Your task =>
All of the data below is to be output exactly as written.

Dataset =>
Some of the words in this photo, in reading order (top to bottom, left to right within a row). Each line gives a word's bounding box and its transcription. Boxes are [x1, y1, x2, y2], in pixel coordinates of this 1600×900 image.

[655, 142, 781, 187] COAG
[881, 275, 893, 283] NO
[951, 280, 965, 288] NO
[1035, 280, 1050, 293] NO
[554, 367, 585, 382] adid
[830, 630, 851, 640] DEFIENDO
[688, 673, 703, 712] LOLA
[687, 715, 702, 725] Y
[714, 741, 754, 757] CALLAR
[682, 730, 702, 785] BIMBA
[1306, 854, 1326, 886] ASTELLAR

Response to the task =>
Some of the words in this photo, in reading order (top to bottom, left to right within a row). Each line gives a word's bounding box and its transcription. Boxes are [x1, y1, x2, y2], in pixel coordinates of this 1600×900 image.

[655, 142, 781, 187] COAG
[881, 275, 893, 283] NO
[951, 280, 965, 288] NO
[1035, 280, 1050, 293] NO
[554, 367, 585, 382] adid
[830, 630, 851, 640] DEFIENDO
[688, 673, 703, 712] LOLA
[687, 715, 702, 725] Y
[714, 741, 754, 757] CALLAR
[682, 730, 702, 785] BIMBA
[1306, 854, 1326, 886] ASTELLAR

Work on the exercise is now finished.